If you can get precise numbers from any of these sources that would be great but this shouldn't be a long task (no more than 1 day)

mshadbolt commented 3 years ago

ok, I am not really sure what the level of precision that is wanted, because at one point you say you want a count of publications, and then later is at the level of consortia. I guess I don't really know how to do this in one day since it requires a lot of manual digging into what papers or reports have been published by various consortia ( which are not usually that easy to track down) and looking at methods and classifying those. anyways I will do what I can.

lauraclarke commented 3 years ago

Doing what you can is the right thing to do.

I have mentioned publications and consortia as they are both possible sources of information for this.

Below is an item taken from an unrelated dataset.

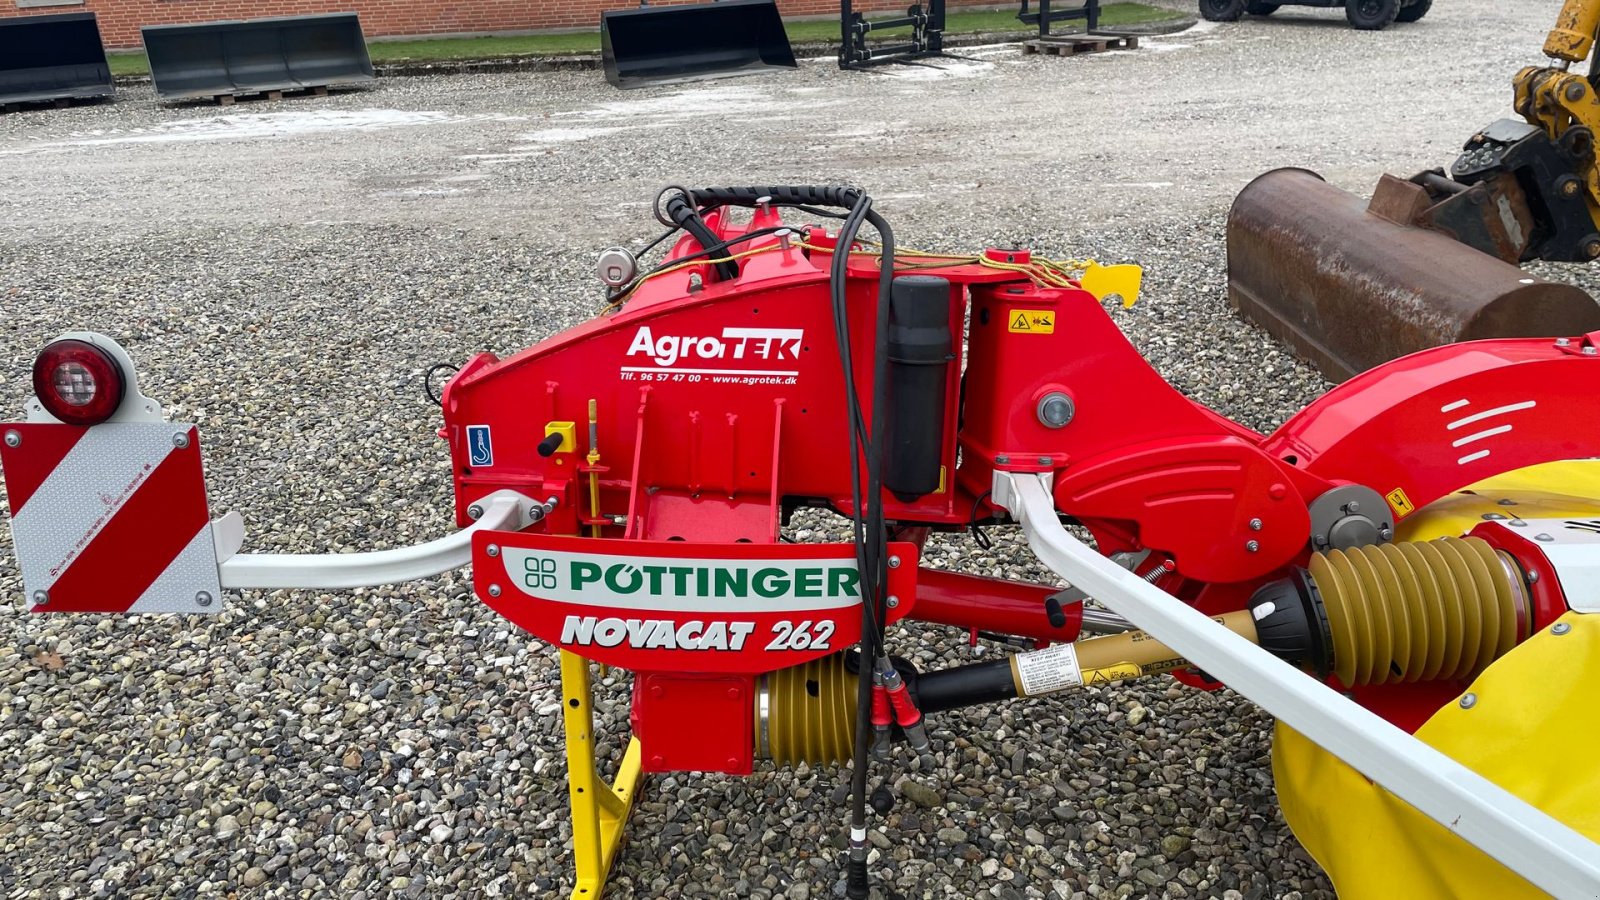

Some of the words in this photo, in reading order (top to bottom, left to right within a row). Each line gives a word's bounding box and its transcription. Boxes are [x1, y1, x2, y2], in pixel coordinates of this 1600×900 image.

You should pick the route which works best for you

The level of precision doesn't need to be high, this does not need to be an exhaustive search

mshadbolt commented 3 years ago

I did the very brief overview as suggested. The doc is here: https://docs.google.com/document/d/1Ud_HF2oAPVEcbui0rKaasdpo_iYT5TtrriNQGDWLCnk/edit#heading=h.pncjs49lwrcq

In short, the only consortium I could find detailed information about what methods they are using for spatial transcriptomics was WSSS, they only mention Visium but refer to some 'other hiplex spatial sequencing modalities' without naming them.

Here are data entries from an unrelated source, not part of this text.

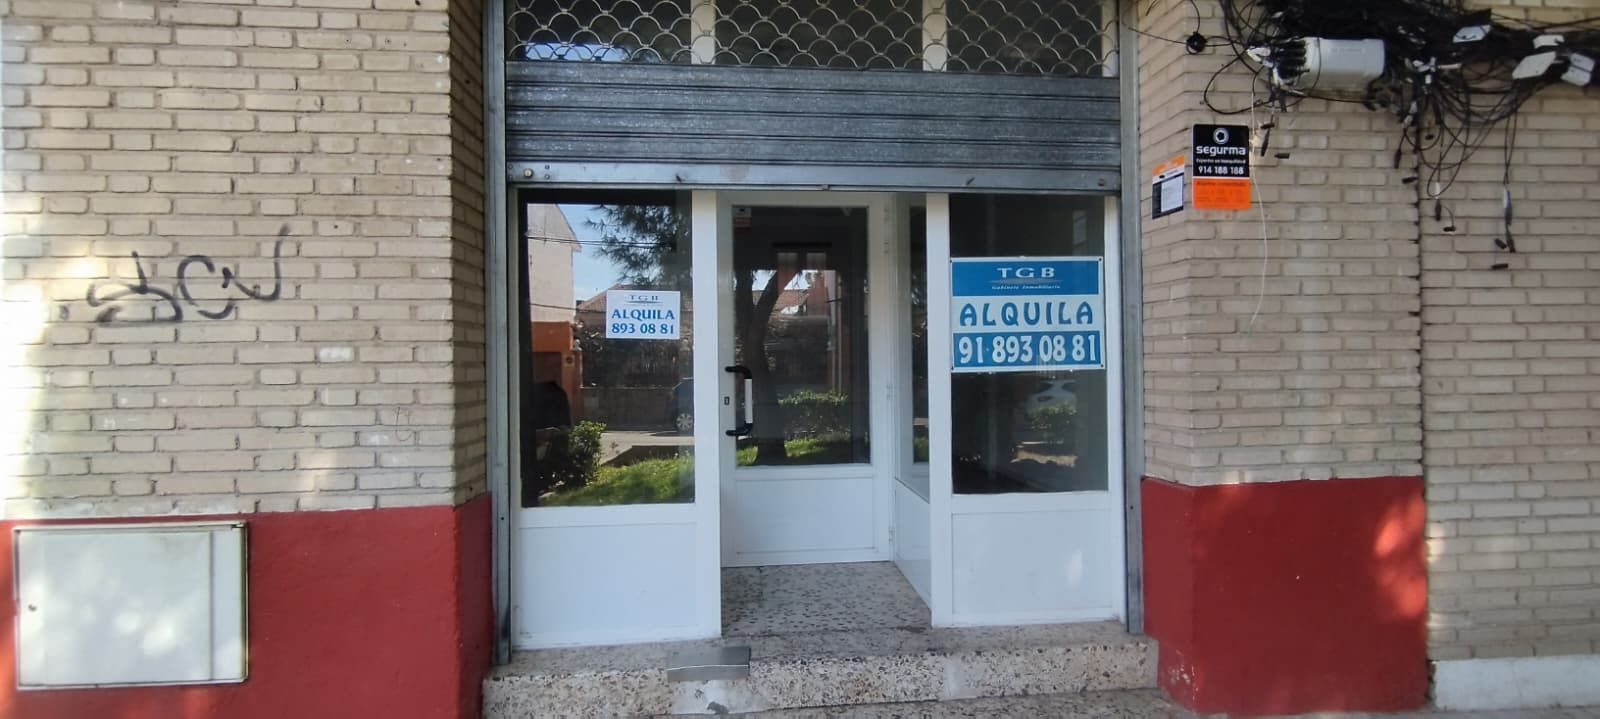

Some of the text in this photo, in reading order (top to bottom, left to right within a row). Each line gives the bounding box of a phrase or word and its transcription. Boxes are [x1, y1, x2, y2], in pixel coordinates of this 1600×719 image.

[1196, 146, 1246, 157] segurma
[1198, 166, 1212, 174] 914
[1214, 166, 1228, 175] 188
[996, 267, 1055, 278] TGB
[611, 308, 675, 321] ALQUILA
[959, 301, 1093, 327] ALQUILA
[611, 323, 674, 334] 893 08 81
[992, 335, 1033, 364] 893
[1039, 334, 1066, 363] 08
[1072, 334, 1096, 362] 81

The MRC slides above have one project (developmental lung) that mentions Visium.

I browsed through the various websites above but could not find any detailed reporting on what specific methods have been or will be used. If there are any other detailed information or reports I could browse I would be happy to.

The wrangler's data tracker has 4 projects with a spatial transcriptomics method listed, they are all Visium.

The Svensson single cell database has 2 papers for spatial transcriptomics, but they are the methods papers for each method, APEX-seq and HDST, so not sure if we would consider them as 'suitable' to wrangle for the HCA.

mshadbolt commented 3 years ago

I added a section which was a very quick literature search on europmc to the doc.